I knew Gaile since grade school but we were never close. But somehow I feel like we were distant cousins, kind of the way I have come to feel about those I went to school with, if that makes sense.
And Facebook brings you so much closer without really being closer, if that makes any more sense?
Anyway, there is no denying that she was a beauty! I was always jealous of that in school! But I am sorry that I never got to know her
because, by all accounts, she was a rare find and someone I would have loved!
My condolences to her beautiful family and friends.
Rest in peace Gaile."
"She taught so much without even trying. Gaile spoke without words. She was a true and loyal friend and the most real person I have ever known. She was beautiful inside and out. Very few can make me smile with tears in my eyes. I have a hole in my heart but I am forever grateful that she was my friend."
"My heart goes out to Gaile's family and friends for the loss of such a bright shinning star. Gaile and I were best friends since junior high school. We remain close throughout the years even though we were separated by distance and life's craziness. We could always pick-up the phone knowing no matter the ups and downs, distance or time, we would still feel that close connection. Gaile and I were connected through our hearts. I will always love and miss her, and will think of the times and escapades we shared which will bring a smile to my face and will lift my heart. I will always be grateful for our friendship. Love you Gaile."
"Many share in the loss of your passing Gaile. You were a gift to many and have left a lasting impression on those who knew you. I am sad that you are gone, I pray that those who loved you will find comfort in the love that others have expressed in your tribute. You will live on in our hearts always."
"Glenn, Renee, Alan, Ila, and beloved grandchildren. . .my heartfelt condolences. Gaile was one of my 'treasure box friends' . . .loving her the moment I met her in 7th grade, knowing I would love her forever. My heart is full of peace knowing she is now with Pearl and others who love her. . .and that we will see her again. The only difference with dying young or old, is that those who leave too soon are longer on the beautiful, glorious side of things. No doubt she is a standout in heaven too! Much love."
"Since i heard this news, i can not get Gaile off my mind.I have known Gaile for long, but not well. She however, always made me feel welcome and accepted, with that beautiful spirit and great smile. We shared a love for music, and she turned me onto some of the music i still listen to today. Rock on Gaile. Much love to your family, and loved ones that you leave behind. You will be missed."

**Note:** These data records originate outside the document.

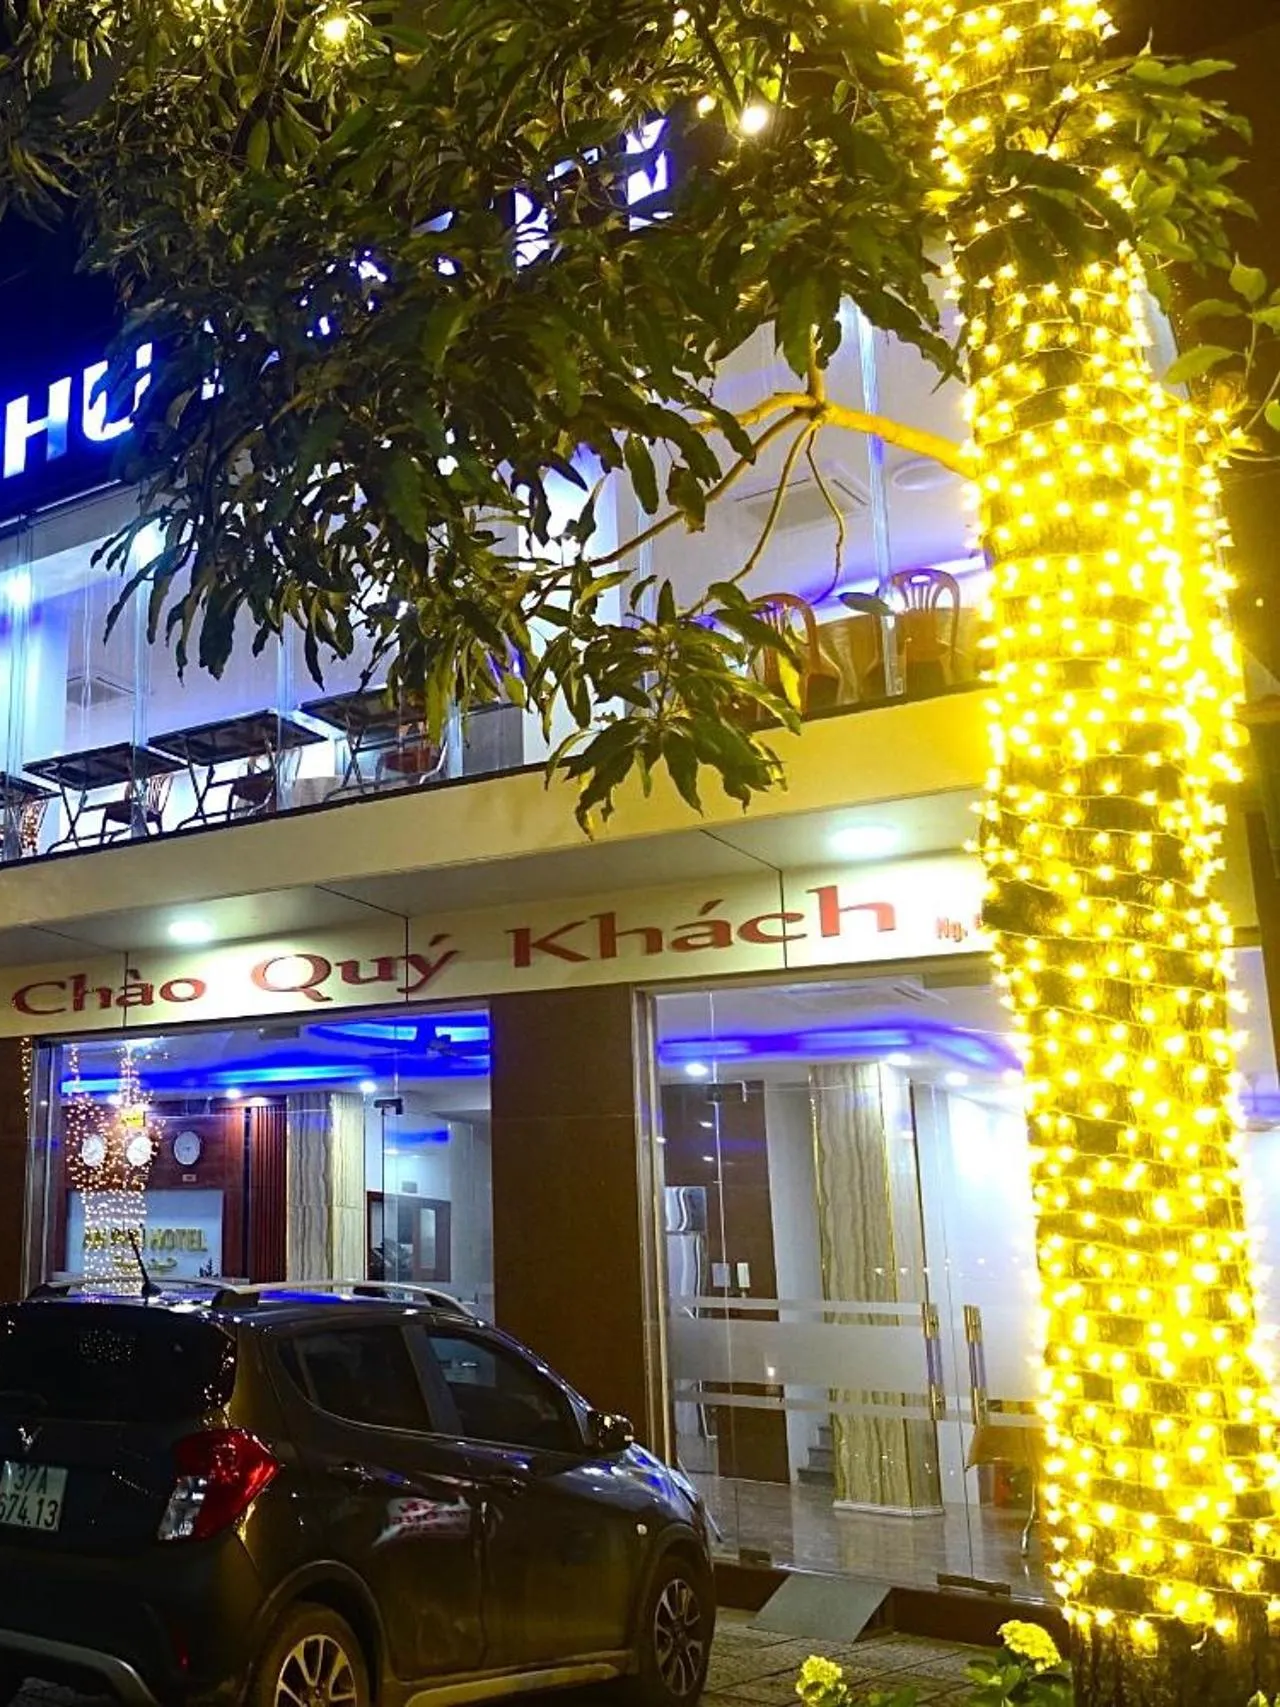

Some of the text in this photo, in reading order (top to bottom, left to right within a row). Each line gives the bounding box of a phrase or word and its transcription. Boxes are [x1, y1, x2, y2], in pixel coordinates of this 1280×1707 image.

[12, 968, 207, 1017] Chào
[250, 933, 459, 1002] Quý
[505, 885, 896, 968] Khách
[13, 1462, 48, 1494] 37A
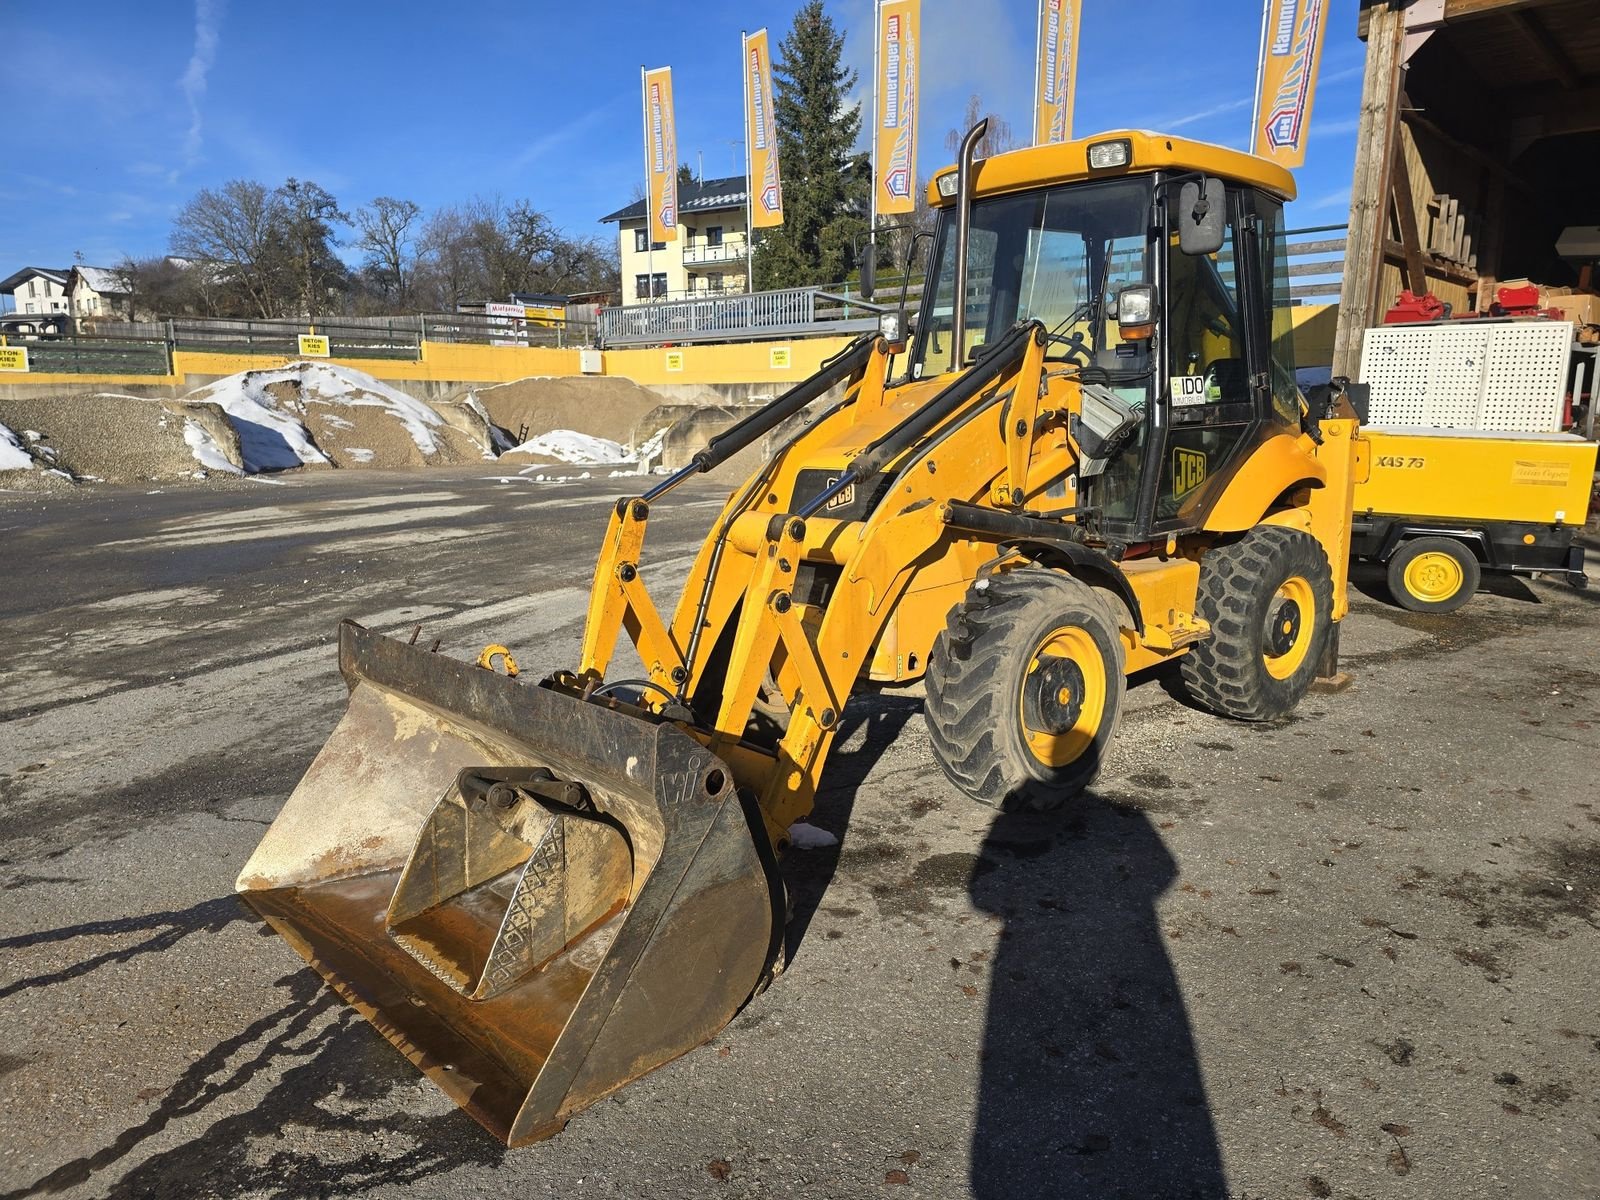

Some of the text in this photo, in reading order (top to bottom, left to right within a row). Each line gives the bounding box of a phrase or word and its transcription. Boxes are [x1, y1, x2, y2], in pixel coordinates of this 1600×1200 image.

[884, 16, 900, 128] Hammertinger Bau
[651, 104, 664, 173] Hammertinger
[492, 305, 523, 314] Mietservice
[1175, 453, 1204, 495] JCB
[1376, 456, 1425, 468] XAS 76

"It seems impossible that our Beautiful Gaile is gone... Gaile would light up the room when she entered, turning heads with her God given beauty, and drawing you in with her confidence, honesty, and vitality. One never knew what Gaile had just been up to- you just knew you wanted to hear her stories and perspective on life. A problem solver and exceptional listener, Gaile was that friend you dreaded leaving, and couldn't wait to see again. Juggling work, friends, adventures, and Always supporting and embracing her family- Gaile was Everything. My sincerest condolences to Gaile's family and dear friends."
"Gaile would make you stand up...when you didn't think you could rise..."
"Lay in rest and enjoy the peace of heaven... you will be very missed by many... Love to remember your attachment to the grandkids and your devotion to your children. The get togethers and your fav "Mike's Hard Lemonade"...Forever you will be in all of our memories...."
"Rest in Peace my beautiful friend. Condolences to your family. Gaile was such a great person and was loved by so many. This is a great loss. Jay and I will always be grateful for your friendship and endless love. Heaven received a shinning STAR."